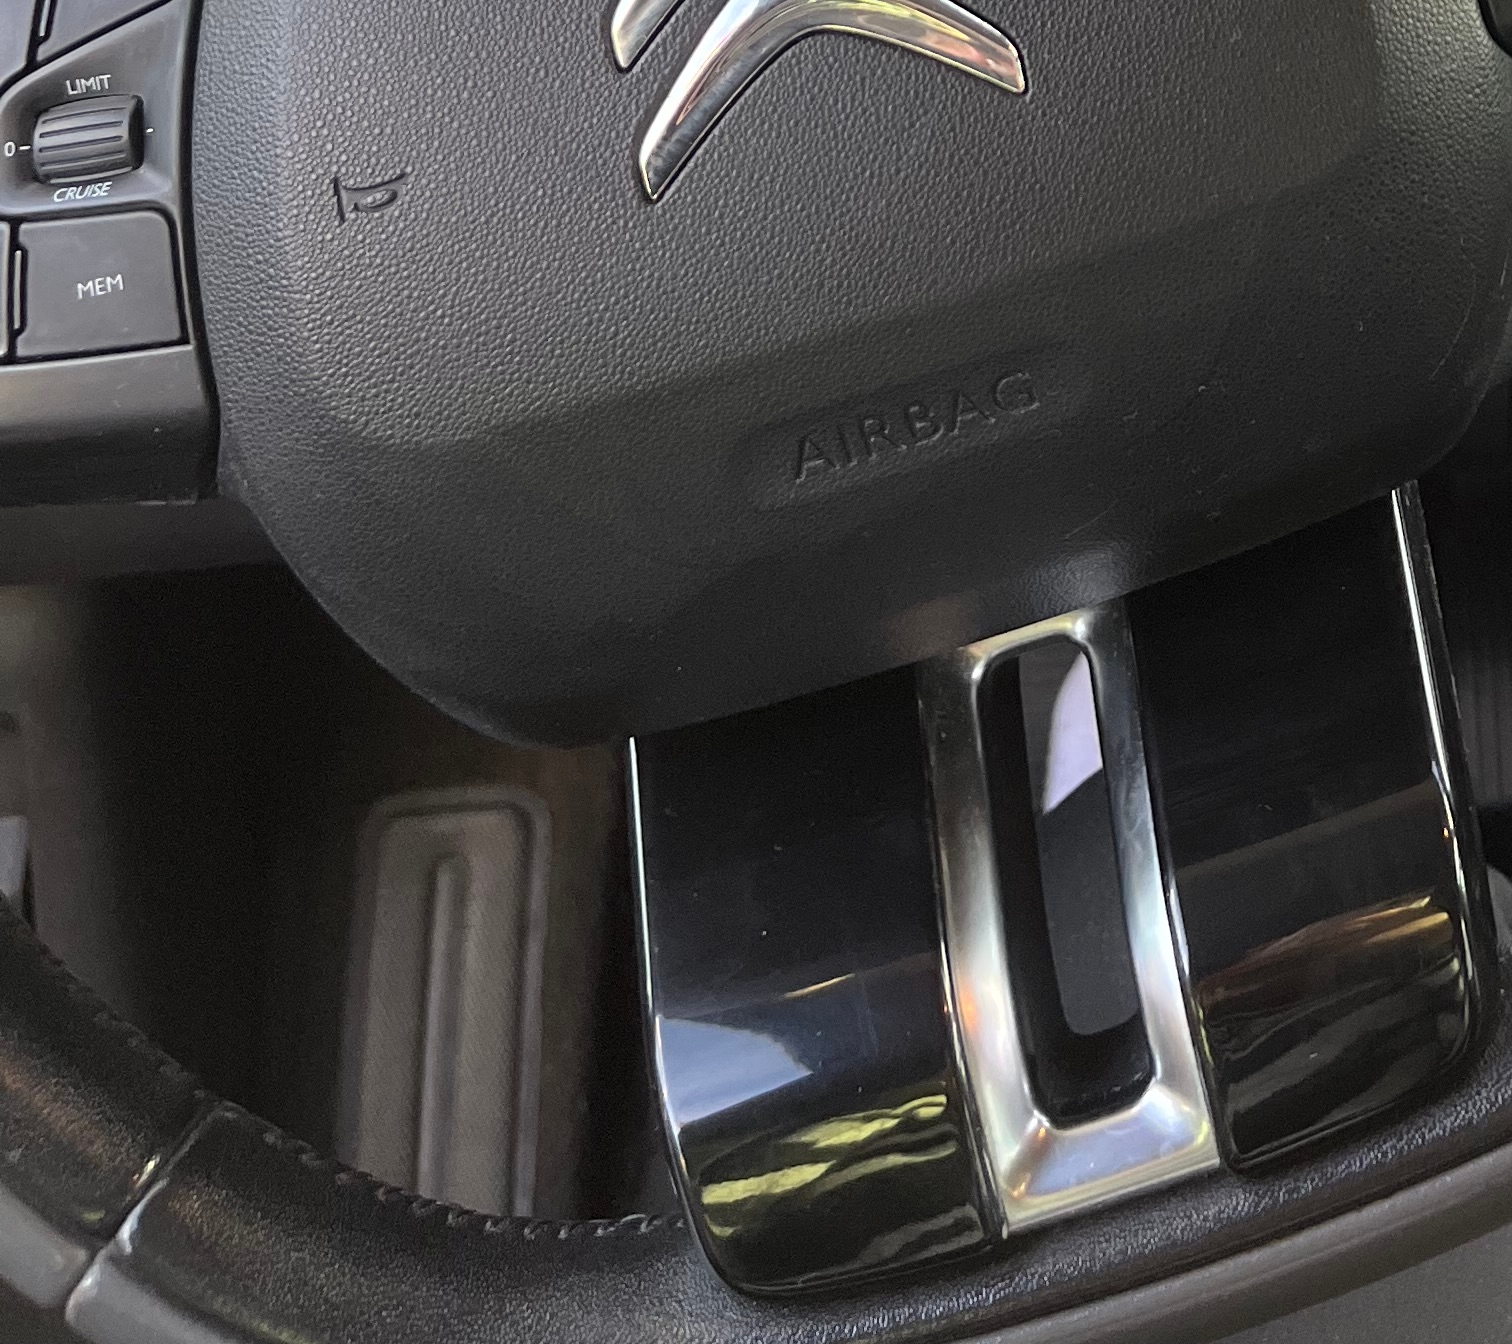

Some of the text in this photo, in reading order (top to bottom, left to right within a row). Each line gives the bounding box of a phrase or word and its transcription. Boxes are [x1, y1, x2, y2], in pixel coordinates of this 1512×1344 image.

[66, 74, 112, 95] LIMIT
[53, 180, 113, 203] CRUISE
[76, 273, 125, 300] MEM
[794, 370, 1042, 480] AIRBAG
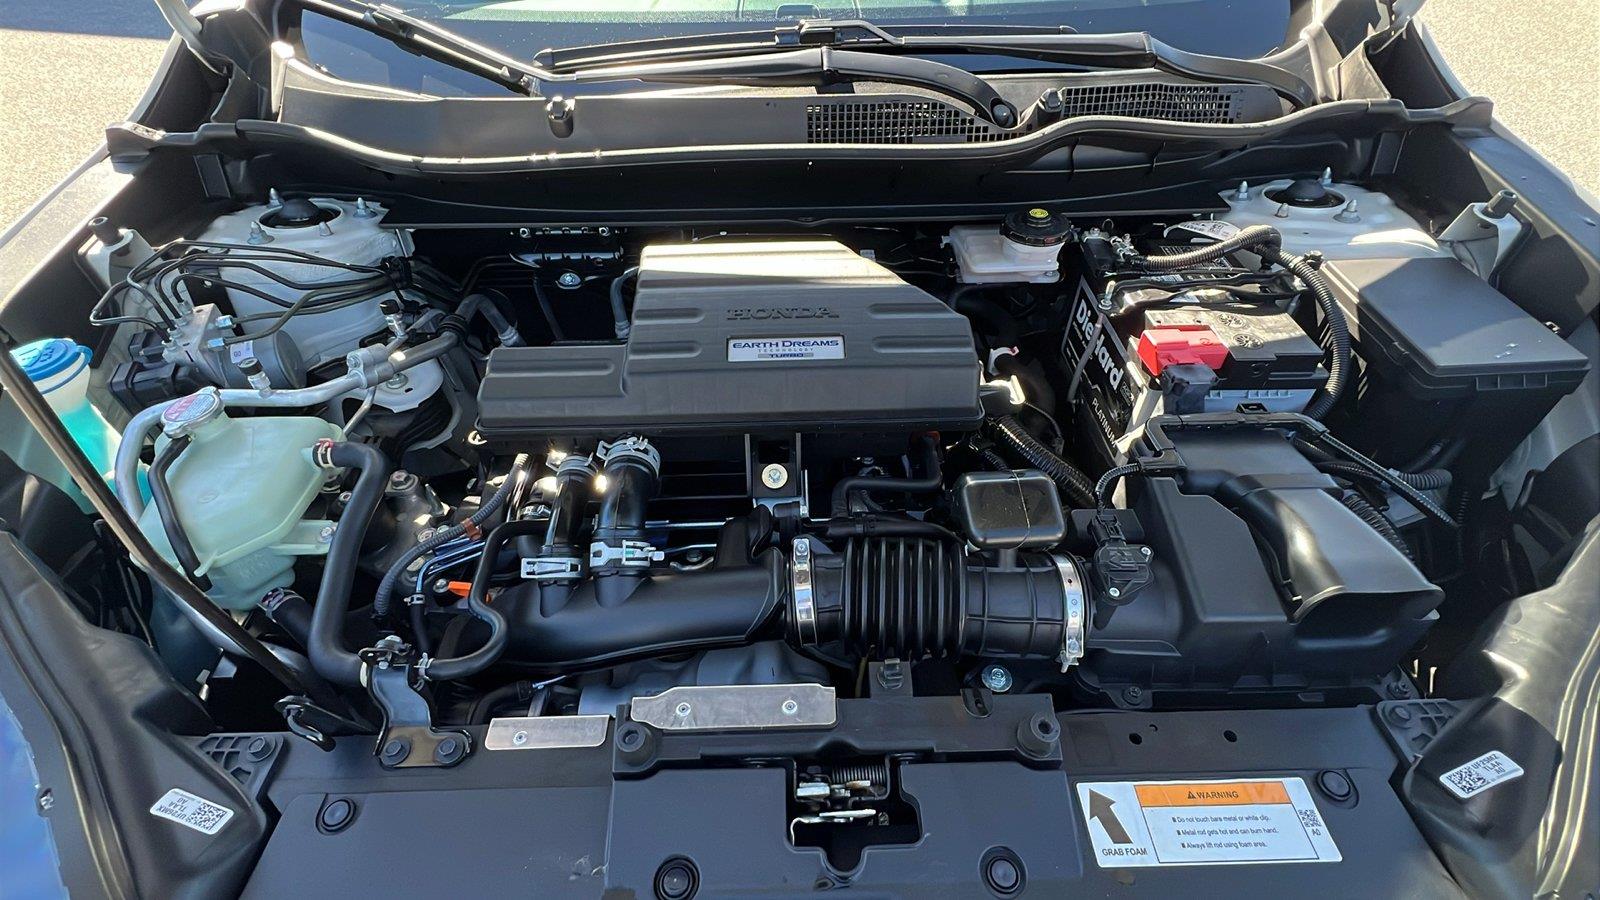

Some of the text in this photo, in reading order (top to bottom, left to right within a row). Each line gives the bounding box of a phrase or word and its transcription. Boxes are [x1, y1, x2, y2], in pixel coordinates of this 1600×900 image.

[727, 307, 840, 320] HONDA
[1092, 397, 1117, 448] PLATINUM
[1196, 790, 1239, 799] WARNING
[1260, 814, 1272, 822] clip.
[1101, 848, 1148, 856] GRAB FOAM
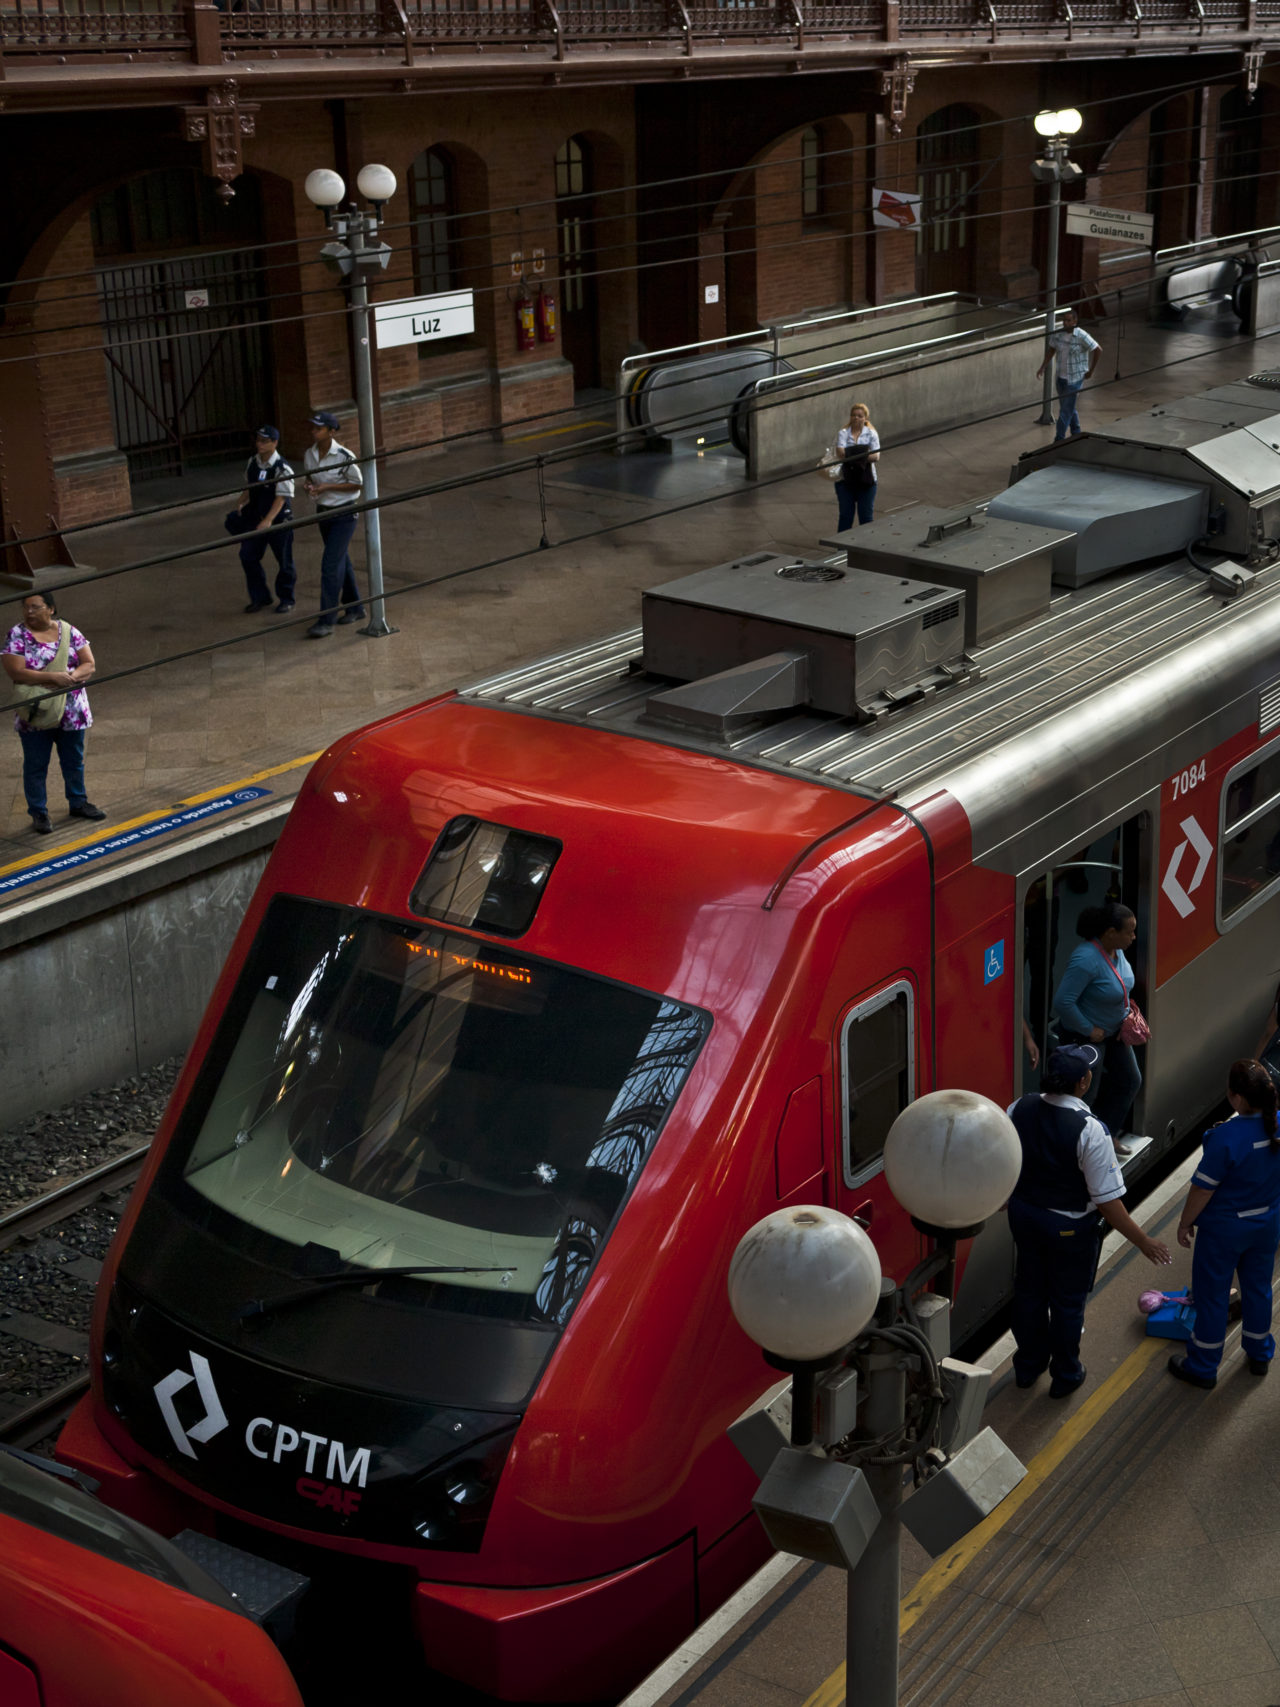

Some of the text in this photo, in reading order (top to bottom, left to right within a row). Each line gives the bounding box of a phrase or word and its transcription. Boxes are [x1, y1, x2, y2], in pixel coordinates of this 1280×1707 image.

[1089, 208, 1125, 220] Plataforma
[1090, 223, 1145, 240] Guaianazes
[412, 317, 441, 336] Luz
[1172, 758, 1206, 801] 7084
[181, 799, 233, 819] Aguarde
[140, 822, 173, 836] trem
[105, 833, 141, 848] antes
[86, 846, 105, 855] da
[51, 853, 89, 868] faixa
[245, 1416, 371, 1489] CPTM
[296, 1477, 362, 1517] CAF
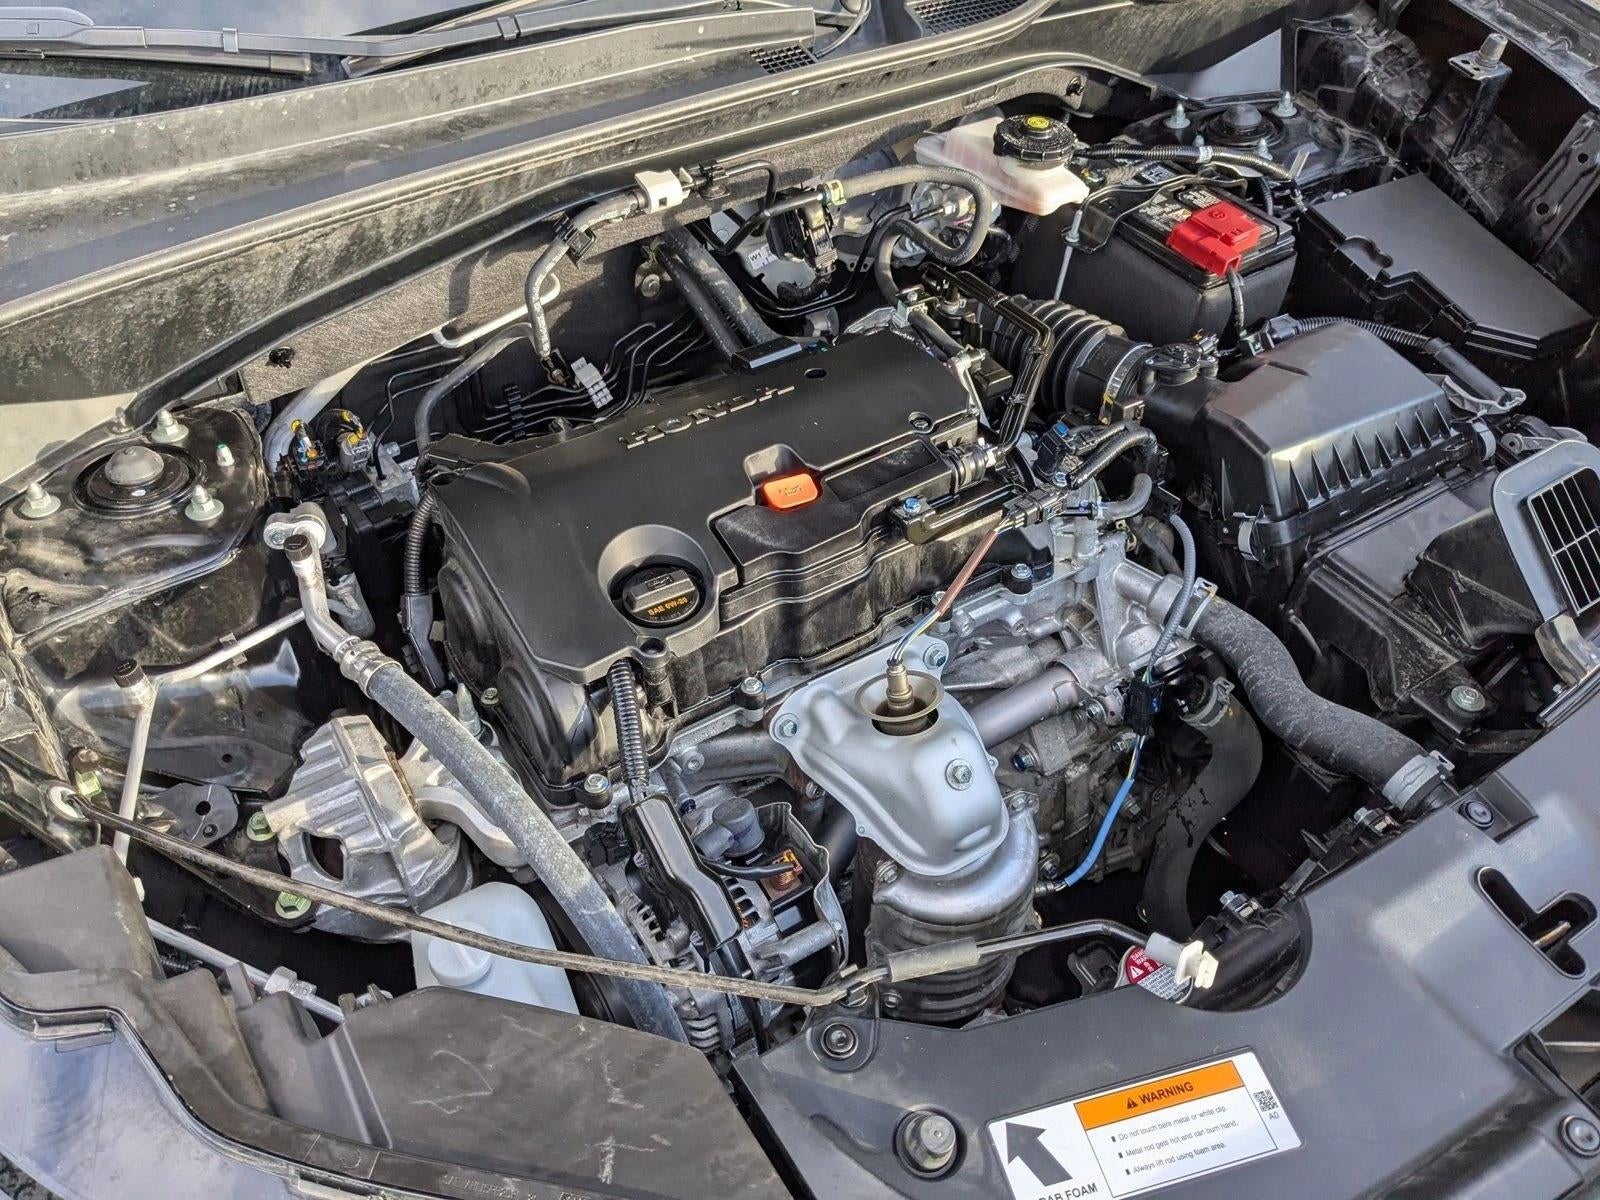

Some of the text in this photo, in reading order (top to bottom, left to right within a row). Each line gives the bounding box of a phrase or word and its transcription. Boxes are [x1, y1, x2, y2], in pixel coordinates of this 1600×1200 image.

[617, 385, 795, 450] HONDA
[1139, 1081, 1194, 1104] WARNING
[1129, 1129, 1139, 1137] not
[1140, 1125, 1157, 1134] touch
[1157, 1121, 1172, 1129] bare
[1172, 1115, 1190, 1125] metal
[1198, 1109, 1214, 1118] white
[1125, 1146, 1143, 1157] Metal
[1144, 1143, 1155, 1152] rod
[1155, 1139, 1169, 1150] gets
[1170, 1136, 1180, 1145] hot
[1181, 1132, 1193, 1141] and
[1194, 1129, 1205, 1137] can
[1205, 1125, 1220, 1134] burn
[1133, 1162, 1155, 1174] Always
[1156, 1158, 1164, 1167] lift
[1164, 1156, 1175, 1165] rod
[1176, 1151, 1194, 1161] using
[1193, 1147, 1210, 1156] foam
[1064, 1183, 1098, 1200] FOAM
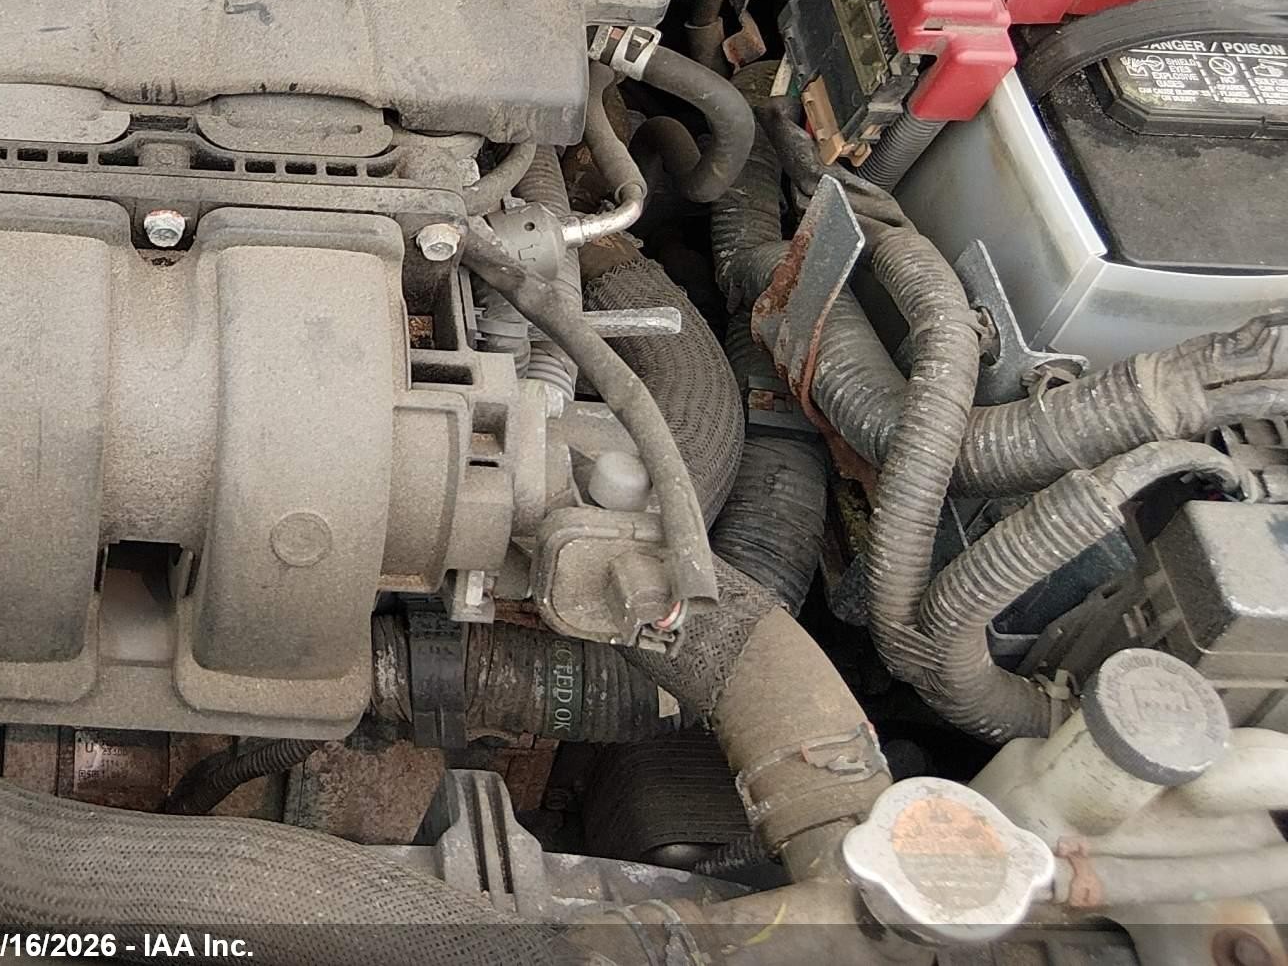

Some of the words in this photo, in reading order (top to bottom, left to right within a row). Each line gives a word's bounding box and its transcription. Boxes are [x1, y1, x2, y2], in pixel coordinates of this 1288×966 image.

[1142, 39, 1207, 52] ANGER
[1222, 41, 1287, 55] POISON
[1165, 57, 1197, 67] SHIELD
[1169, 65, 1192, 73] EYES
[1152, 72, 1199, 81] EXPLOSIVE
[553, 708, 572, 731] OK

********************

### What the task requires
Give back every entry in its exact wording, leaving the pictures out.

### Solved problem
Some of the text in this photo, in reading order (top to bottom, left to right within a row). Each line gives the bounding box of a phrase or word and its transcription. Boxes are [x1, y1, x2, y2], in pixel coordinates of this 1512×1344 image.

[66, 74, 112, 95] LIMIT
[53, 180, 113, 203] CRUISE
[76, 273, 125, 300] MEM
[794, 370, 1042, 480] AIRBAG

Some of the text in this photo, in reading order (top to bottom, left to right within a row). Each line gives the bounding box of a phrase or word and its transcription. Boxes are [x1, y1, x2, y2], in pixel coordinates of this 1600×900 image.

[727, 307, 840, 320] HONDA
[1092, 397, 1117, 448] PLATINUM
[1196, 790, 1239, 799] WARNING
[1260, 814, 1272, 822] clip.
[1101, 848, 1148, 856] GRAB FOAM

Some of the text in this photo, in reading order (top to bottom, left to right within a row). Each line gives the bounding box of a phrase or word and its transcription. Boxes are [x1, y1, x2, y2], in pixel coordinates of this 1280×1707 image.

[1089, 208, 1125, 220] Plataforma
[1090, 223, 1145, 240] Guaianazes
[412, 317, 441, 336] Luz
[1172, 758, 1206, 801] 7084
[181, 799, 233, 819] Aguarde
[140, 822, 173, 836] trem
[105, 833, 141, 848] antes
[86, 846, 105, 855] da
[51, 853, 89, 868] faixa
[245, 1416, 371, 1489] CPTM
[296, 1477, 362, 1517] CAF

Some of the text in this photo, in reading order (top to bottom, left to right within a row). Each line gives the bounding box of a phrase or word and its transcription. Boxes are [x1, y1, x2, y2], in pixel coordinates of this 1600×1200 image.

[617, 385, 795, 450] HONDA
[1139, 1081, 1194, 1104] WARNING
[1129, 1129, 1139, 1137] not
[1140, 1125, 1157, 1134] touch
[1157, 1121, 1172, 1129] bare
[1172, 1115, 1190, 1125] metal
[1198, 1109, 1214, 1118] white
[1125, 1146, 1143, 1157] Metal
[1144, 1143, 1155, 1152] rod
[1155, 1139, 1169, 1150] gets
[1170, 1136, 1180, 1145] hot
[1181, 1132, 1193, 1141] and
[1194, 1129, 1205, 1137] can
[1205, 1125, 1220, 1134] burn
[1133, 1162, 1155, 1174] Always
[1156, 1158, 1164, 1167] lift
[1164, 1156, 1175, 1165] rod
[1176, 1151, 1194, 1161] using
[1193, 1147, 1210, 1156] foam
[1064, 1183, 1098, 1200] FOAM

Some of the words in this photo, in reading order (top to bottom, left to right within a row). Each line gives a word's bounding box and its transcription. Boxes are [x1, y1, x2, y2], in pixel coordinates of this 1288×966 image.

[1142, 39, 1207, 52] ANGER
[1222, 41, 1287, 55] POISON
[1165, 57, 1197, 67] SHIELD
[1169, 65, 1192, 73] EYES
[1152, 72, 1199, 81] EXPLOSIVE
[553, 708, 572, 731] OK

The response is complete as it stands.